Where is this goliath today? In 2005, Sears merged with Kmart, as both companies sought their best, and potentially only, hope to ward off their rapidly expanding rival. Amazon? No, Walmart, which “by 1991 topped Sears as the biggest US retailer by sales.” Yes, that same Walmart, that the FTC no longer recognizes as a viable competitor to Amazon in the digital marketplace. Even with 4,000 stores in 2012, Sears could not compete with Walmart’s superior business model and declared bankruptcy in 2018.

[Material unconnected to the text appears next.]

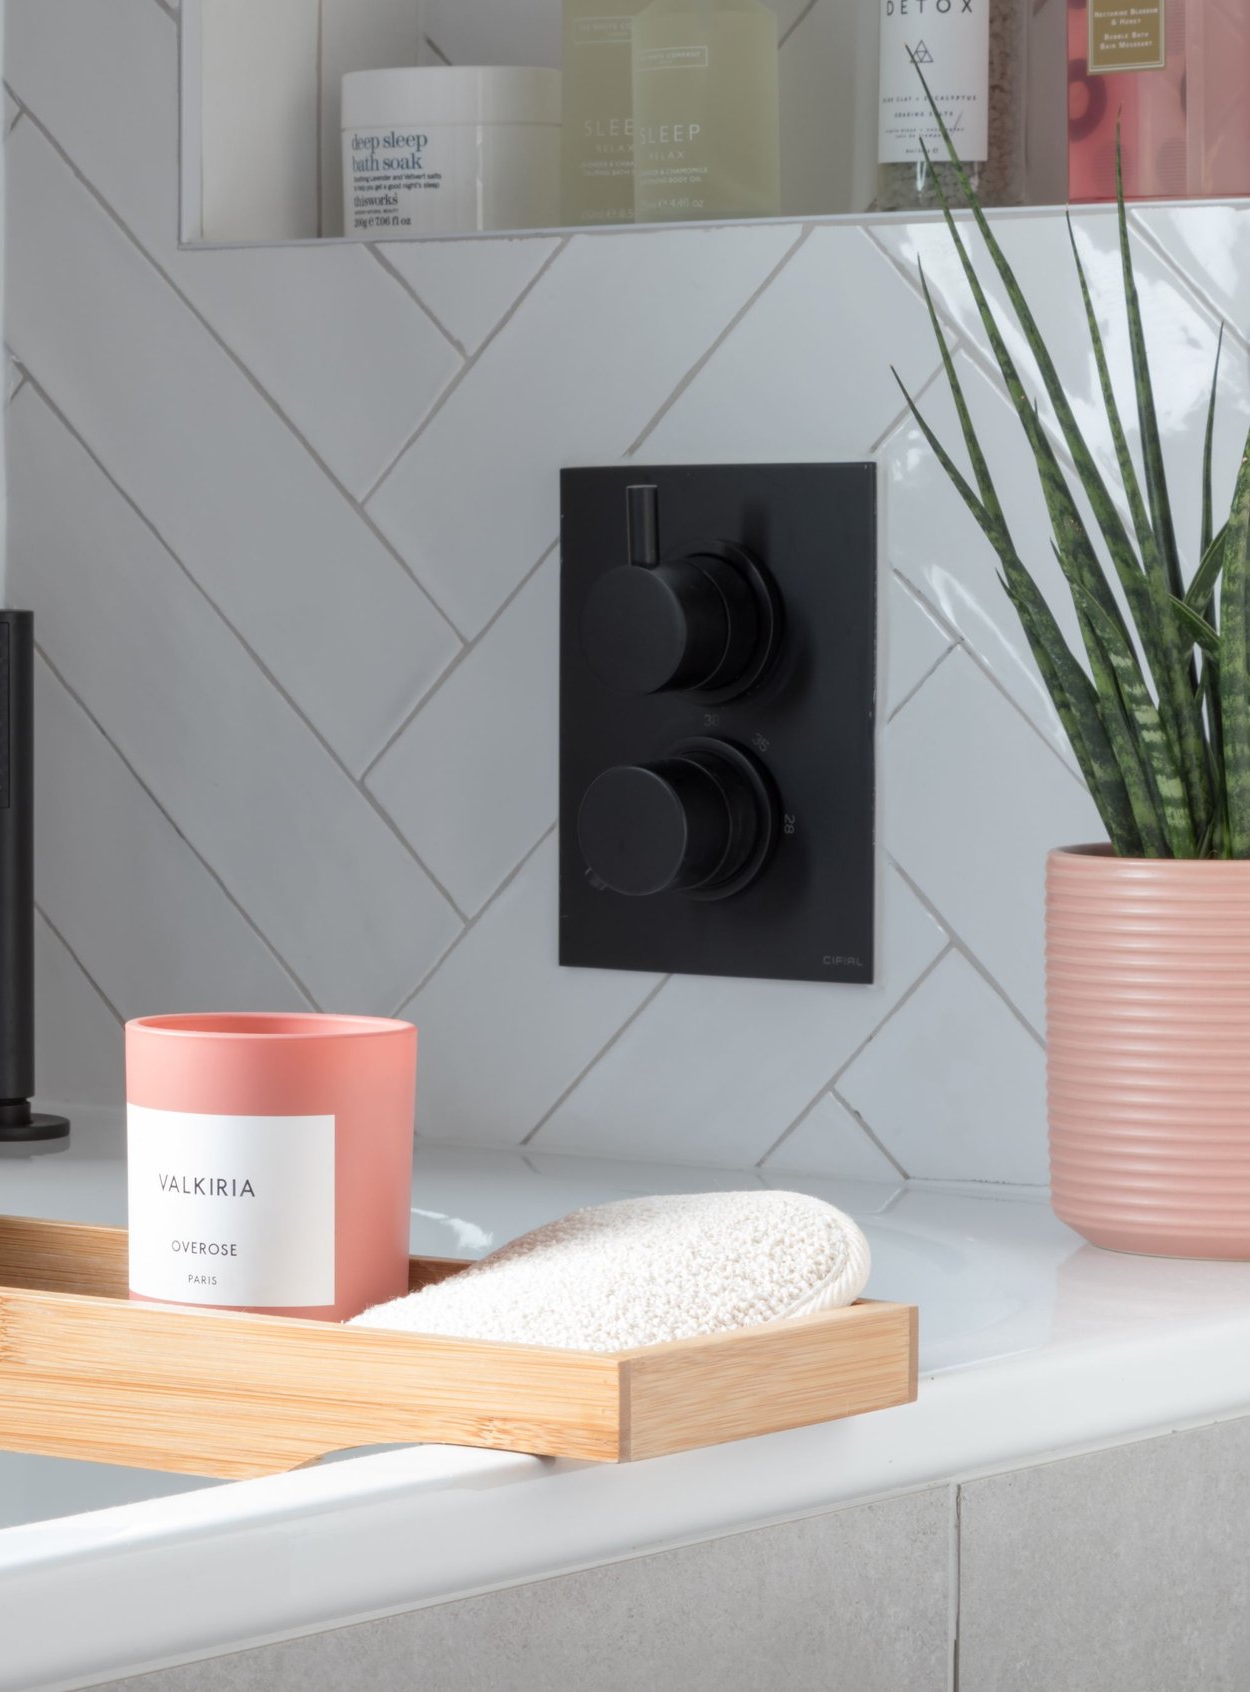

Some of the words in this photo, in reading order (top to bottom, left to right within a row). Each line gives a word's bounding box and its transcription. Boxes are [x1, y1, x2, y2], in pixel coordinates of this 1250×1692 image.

How fundamentally does Amazon differ from Sears? What stops Amazon from going by the wayside if it stops meeting customers’ needs? Even if a monopoly advantage does exist, can Amazon retain it if other digital e-commerce companies grow at a faster rate? Amazon must constantly compete with Walmart, for example, which is currently estimated to see its sales in e-commerce grow at a faster rate than Amazon’s in 2023. Internationally, it must compete with Alibaba and Flipkart. To successfully compete, Amazon must satisfy consumer demand. In a poll among registered voters, 91 percent of its customers say they are very satisfied (63 percent) or somewhat satisfied (28 percent) with its service. If consumers become dissatisfied with Amazon, they will migrate to a competitor that better serves their needs, sending a more significant signal to Amazon than the current contorted FTC lawsuit. Perhaps consumers should decide whether a company acts effectively in their interest; they know their interests better than the FTC does.

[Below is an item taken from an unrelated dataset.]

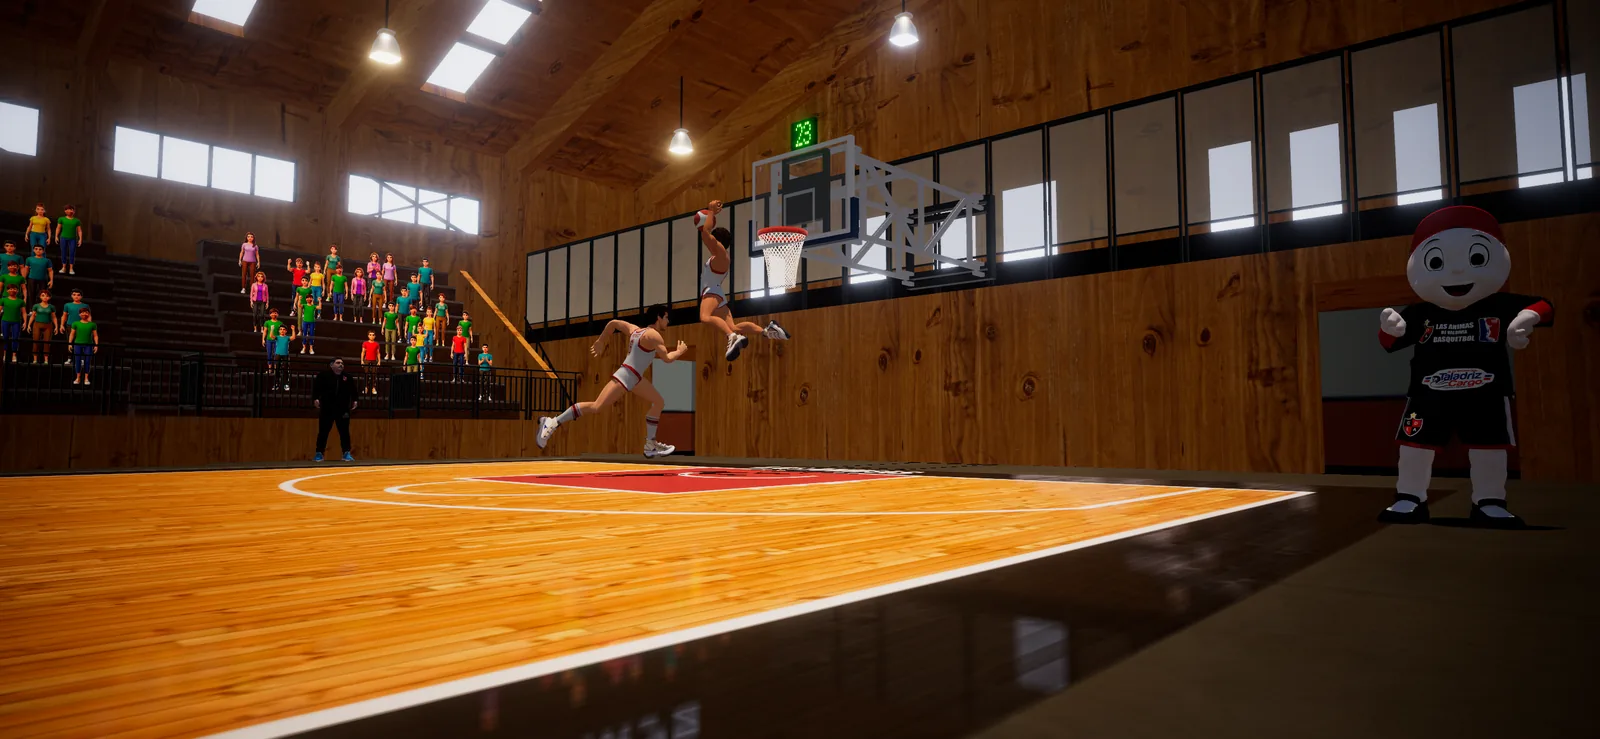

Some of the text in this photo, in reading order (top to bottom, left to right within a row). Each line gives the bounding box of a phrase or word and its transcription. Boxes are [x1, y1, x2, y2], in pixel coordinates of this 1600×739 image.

Without the FTC’s release of its full report, the harms to consumer welfare remain evasive. Has Amazon genuinely harmed the consumer, thus deserving to have its rights to conduct business restrained? Or has it just gotten big enough to serve society well, even when the economy faces unprecedented harm from other sources? Ayn Rand once observed that:
Under the Antitrust laws, a man becomes a criminal from the moment he goes into business, no matter what he does. For instance, if he charges prices which some bureaucrats judge as too high, he can be prosecuted for monopoly or for a successful ‘intent to monopolize;’” ‘ if he charges prices lower than those of his competitors, he can be prosecuted for ‘unfair competition’ or ‘restraint of trade;’ and if he charges the same prices as his competitors, he can be prosecuted for ‘collusion’ or ‘conspiracy.’ There is only one difference in the legal treatment accorded to a criminal or to a businessman: the criminal’s rights are protected much more securely and objectively than the businessman’s.
Businesses that successfully satisfy consumers, as Amazon generally does, should not have to constantly look over their shoulders in fear of violating antitrust laws. Three times as many voters prefer the government regulate Amazon less rather than more, suggesting they realize that overzealous regulations harm their own welfare.
The public should worry that this suit may foretell a return to the Brandeisian pre-consumer welfare standard, which was not only volatile, but detrimental to the public. Size does not preclude vulnerability. When Amazon stops providing consumers with valuable services, another company that does will replace it. Hostility to “big” in the marketplace died in the 70s. We should let it rest in peace.